Ну лет пять с половиной, пять. Кабардинский понимаю, но не могу свободно говорить на нем, так, понимаю. Русский вообще не знаю. А мне уже скоро в школу. Надо уже. А мы, так как папин дом уже был занят, младший брат его жил там, мы узнали, что в поселке Фанерный, был такой поселок у нас, Верхний Лескен, он прямо у гор. О господи, это райский уголок! Если б вы знали, какой это райский уголок! Где прошли мои вот эти годы, которые я там жила с нашей семьей, это самые незабываемые годы. Там были русские, балкарцы, осетины, даже карачаевцы были, кабардинцы. Все как одна семья. Вообще по нациям никто там и не разбирался. И дружили, если у кого-то какое-то дело, все собираются, помогают — и всё. Это что-то, это не вернуть. Господи, это никогда уже не вернется, никогда. Никогда. Утром, пока мама доила корову, мы, детки, бегом бежали на речку. А река чистая. И видно, как форель плавает там, форель. Мы ручками ловим, она забивается где-то за камушком, под камень. Мы бегаем босиком, ловим-ловим-ловим, наловим форели, прибежим, она нам пожарит, мы наедимя вдоволь — и бегом в школу. Вы представляете? Или утром дают нам кусок хлеба, да? Мы уходим в лес, все дети вместе, пацаны и девчонки, все. Мальчишки нас охраняли, как родных сестер. Мы целый день там шастали, господи, ну всё есть в лесу, всё. И малина, и сначала земляника, щавель, потом уже малина, ежевика, калина, шишки, чинаровые орешки, всё из леса. Дичку собираем, приносим, они ее сушат, потом варят нам компоты зимой. Дикую грушу, яблоки, вот это вот всё. И всегда нас мальчишки — и когда мы были поменьше, и постарше уже — как родных оберегали от змей, от укусов змей, от всего. А там и волки были в лесу, и медведи были. Ой, какая красота, это что-то! Я вам передать не могу. Я вам покажу фотографии потом. И первая учительница всегда 19 мая, в День пионерской организации, водила нас в лес, и мы жгли там пионерские костры. А как мы оберегали этот лес! Как мы его оберегали! Этот костер сгорит дотла, мы потом его потушим совсем, уберем за собой, чтобы не дай бог где-то искорка какая-то. А каждую весну всем селом мы выходили и высаживали чинаровые саженцы. Мы всё время обновляли лес.
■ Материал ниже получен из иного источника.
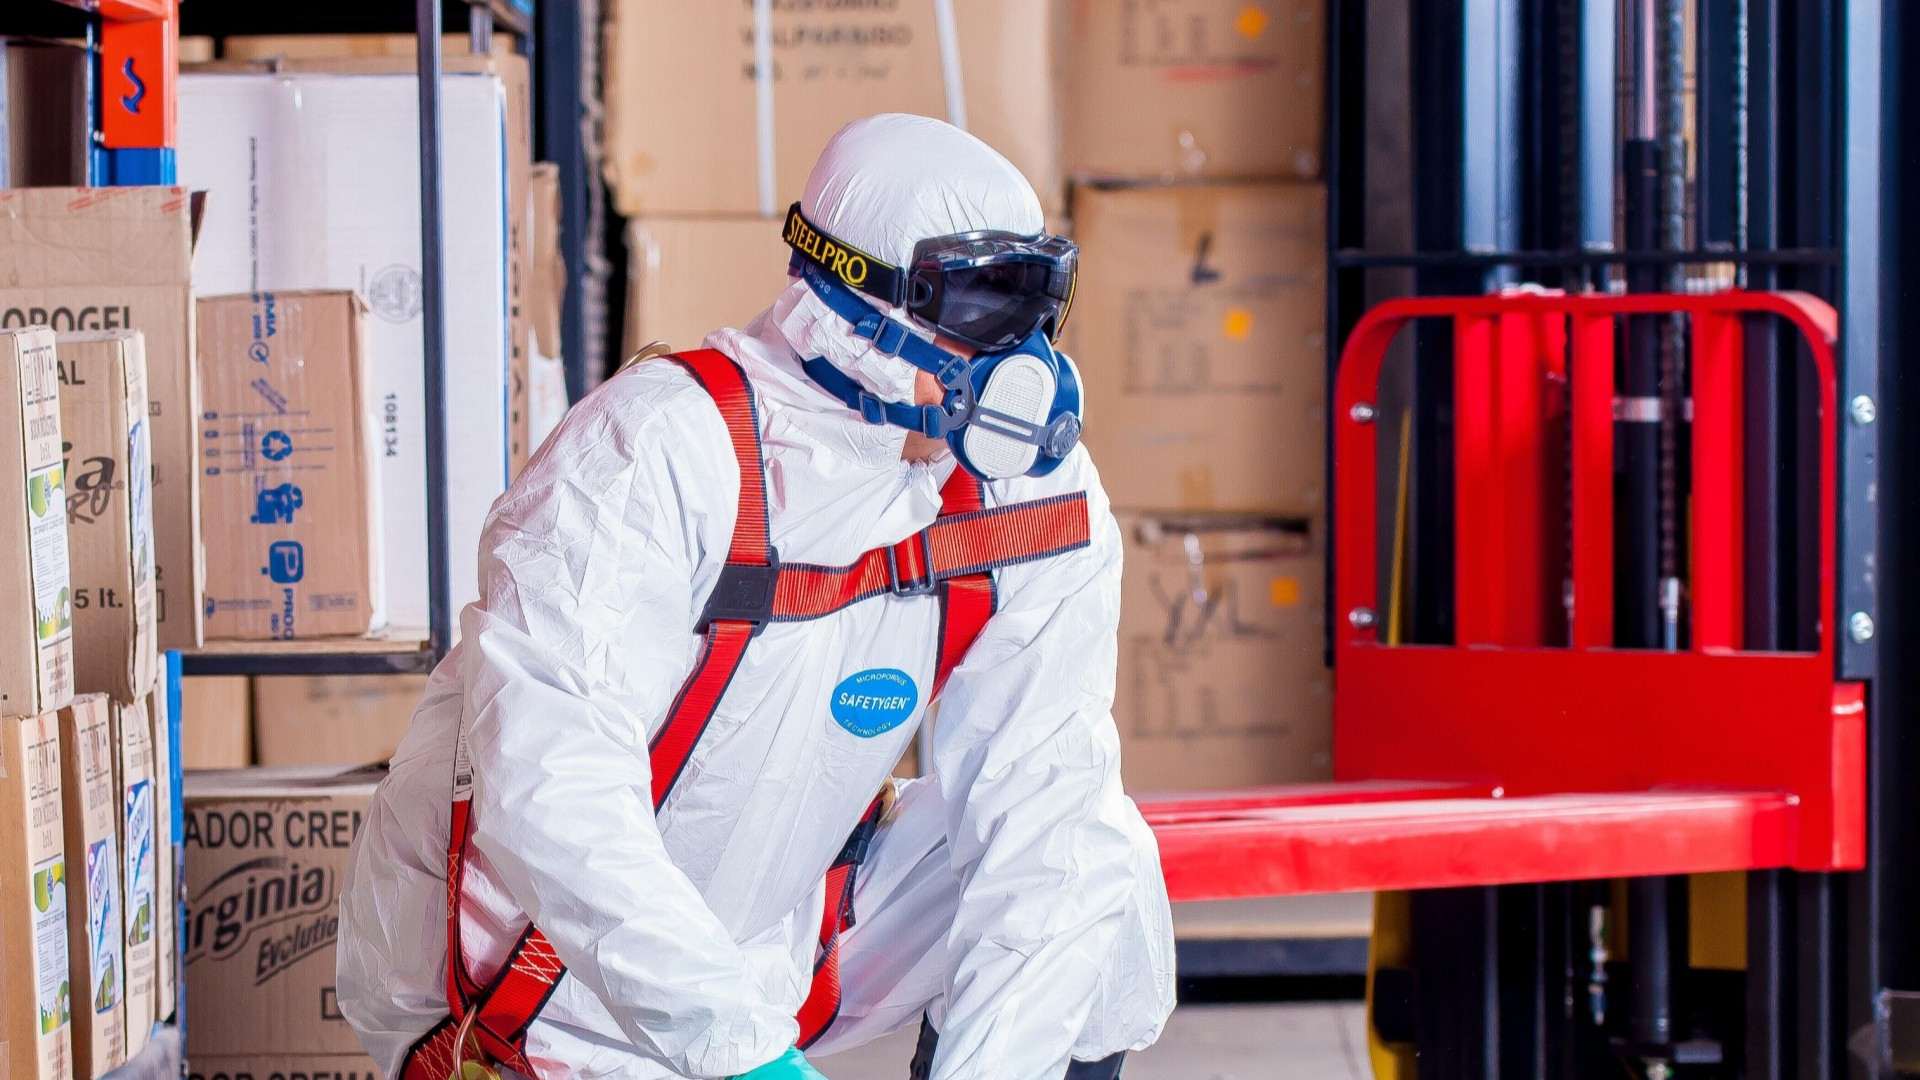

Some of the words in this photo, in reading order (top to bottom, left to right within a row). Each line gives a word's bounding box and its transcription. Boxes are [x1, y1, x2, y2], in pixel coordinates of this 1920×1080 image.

[787, 213, 867, 287] STEELPRO
[74, 588, 90, 610] 5
[99, 587, 124, 609] lt.
[856, 673, 907, 687] MICROPOROUS
[839, 692, 907, 711] SAFETYGEN
[843, 719, 892, 736] TECHNOLOGY
Помню. Это было так волнительно, не знаю, мне казалось, что это такое почетное звание — пионер. И мы тимуровскую команду создали. У меня свой наблюдательный пункт на дереве возле реки, а река же рядом там. Мы сделали наблюдательный пункт, там какой-то, так интересно, досками выложили, солому постелили, мы смотрим, чтобы чужаки, там другая организация какая-нибудь к нам не заявилась. И так знаем наперечет всех бабушек одиноких, знаем, кто нуждается в помощи и по списку таскаем им, то пищу несем им, то мы идем помогаем кирпичи перенести или забор починить. Мы такие энтузиасты были! Вот я не знаю, сейчас нет этого горения у детей. Вот как-то они больше сидят, уткнутся в этот телефон, интернет и так далее. Уже другие какие-то интересы, уже вот того, что было у нас, у детишек почему-то нету. Ну, слава Богу, сейчас какие-то волонтерские организации стали появляться. Мне кажется, народ уже просыпается, уже понимает, что дело не только в деньгах. Нет.
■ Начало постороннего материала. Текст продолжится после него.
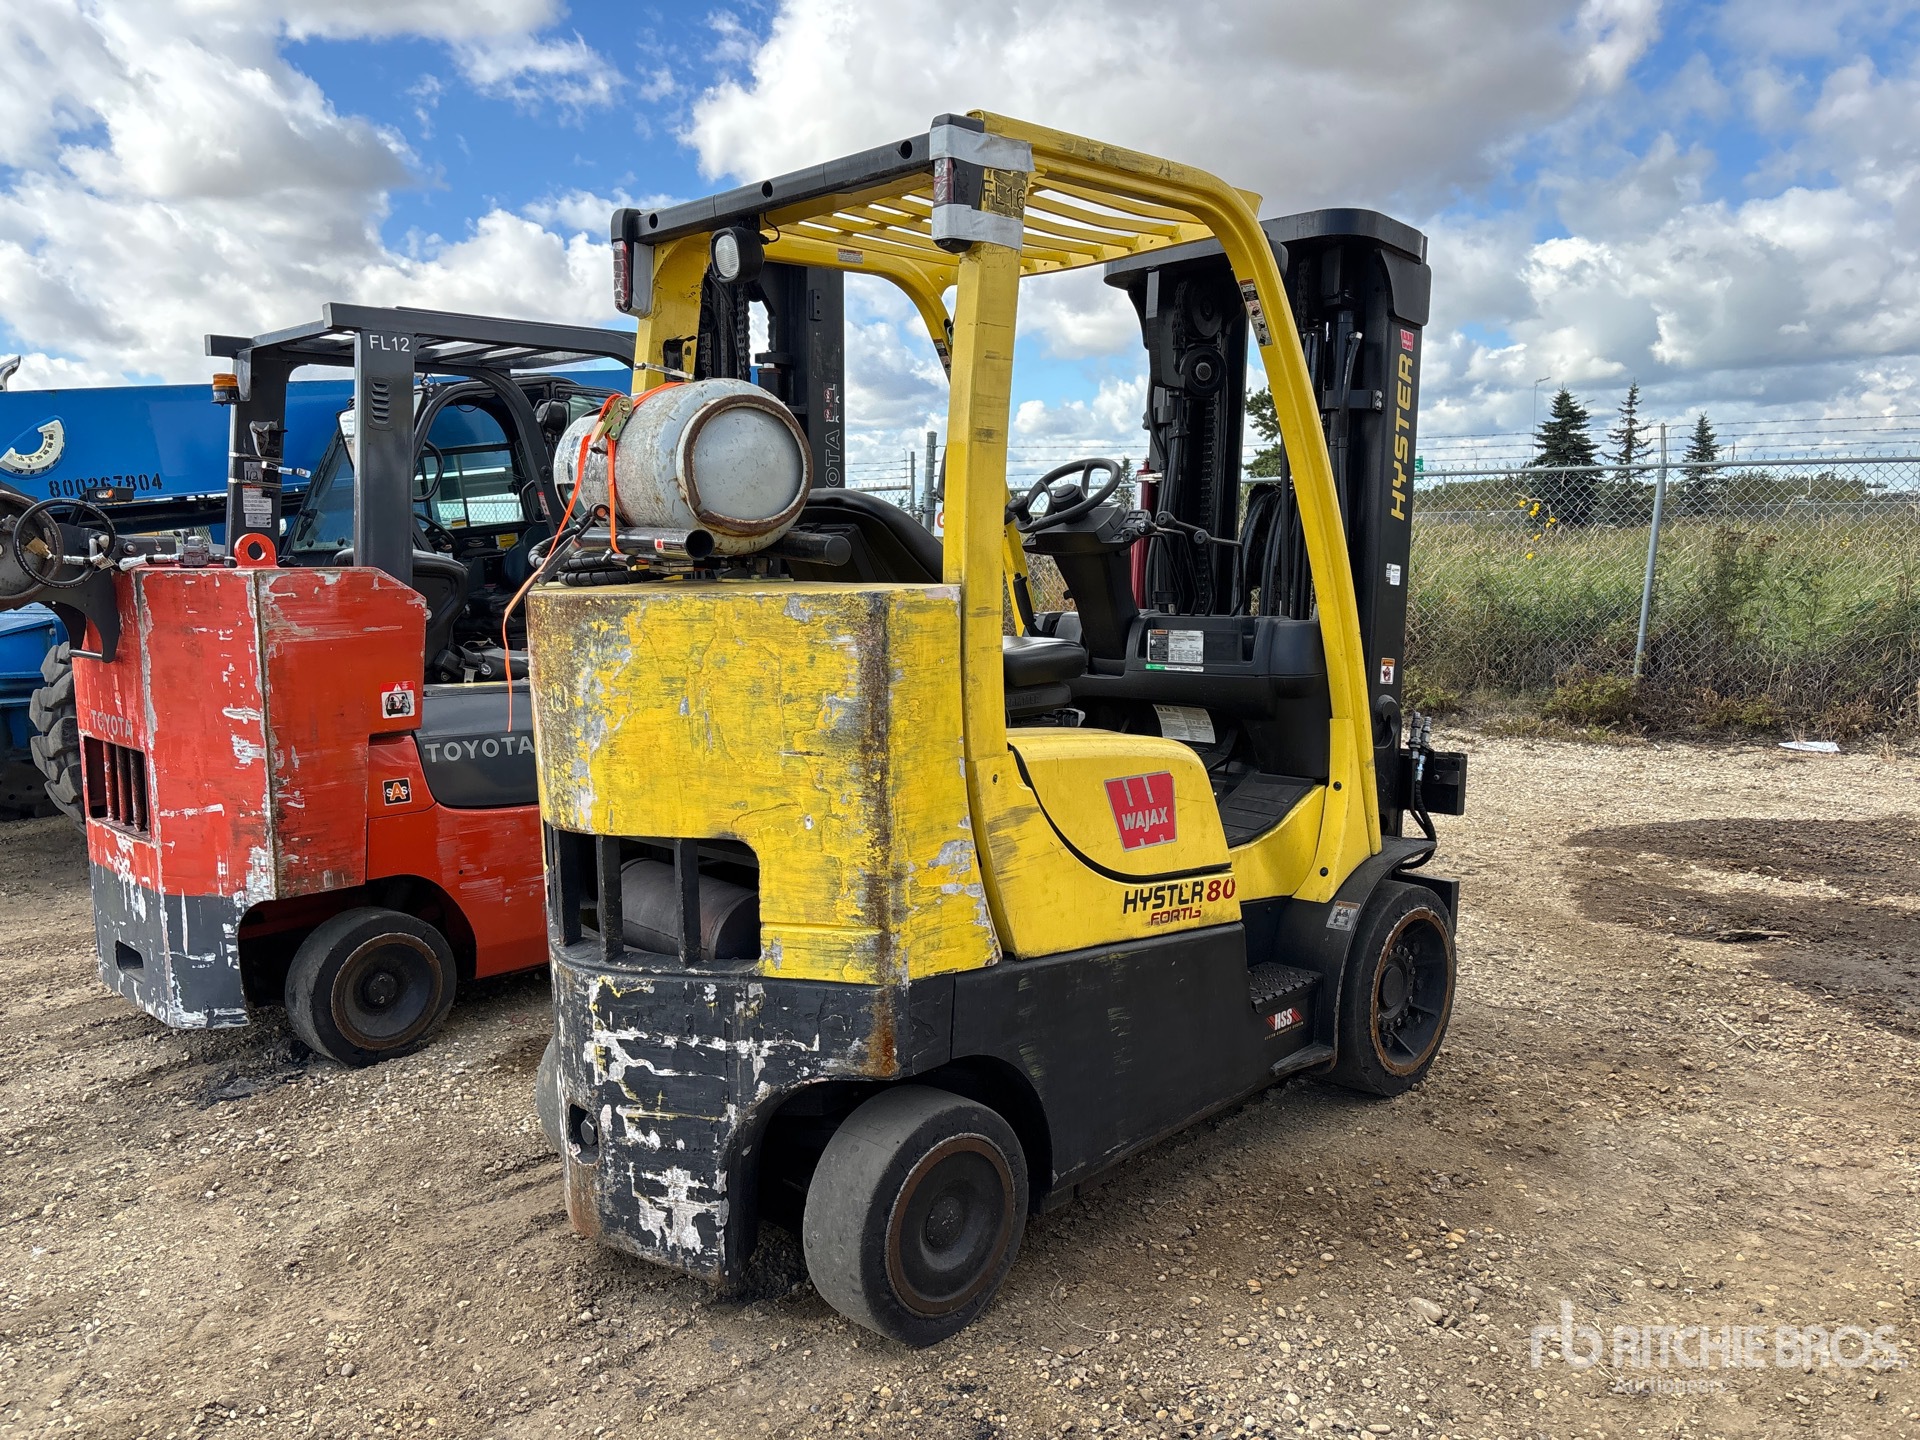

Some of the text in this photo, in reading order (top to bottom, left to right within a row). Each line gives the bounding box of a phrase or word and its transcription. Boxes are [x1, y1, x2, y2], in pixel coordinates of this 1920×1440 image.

Есть, есть. Да, слава богу.
Нет, очень хотелось. Я уже к тому времени почитала «Тимура и его команду» и всё такое. Уже мне очень хотелось. А уже когда я в комсомол вступала, я папу спросила: «Папа, как сказать происхождение мое?» — «Лена, не вздумай ничего говорить о нашем происхождении. Просто скажи: из рабочих и крестьян, всё, не надо нигде ничего говорить». Ну, если б я вдруг проболталась, что папа из такого рода… Мама тоже. Могло сыграть негативную роль. А так и написала: рабоче-крестьянская семья.
Да тогда же не было таких особо...
…прямо технологий. Ну, по слухам, может, кто-то и знал, что были репрессированы. Тем более у нас везде, у меня в паспорте написано, где я родилась. Южно-Казахстанская область. И сразу: а как ты там оказалась? Что? А почему? Всё такое. Уже с подозрением. Да. Но я должна сказать, что то, что я знала казахский язык хорошо, это сыграло прекрасную роль в моей жизни. Потом, когда я стала петь, я чисто пела на турецком. Чисто. На балкарском чисто, целые концерты давала. А вследствие того, что у меня музыкальный хороший слух, я прекрасно произносила арабские тексты, песни пела. Я слышала потому что хорошо. На осетинском я спокойно пела, потому что осетины рядом жили, тетя Катя и ее дети. Это было на слуху. Говор их, всё. И на осетинском я чисто пела.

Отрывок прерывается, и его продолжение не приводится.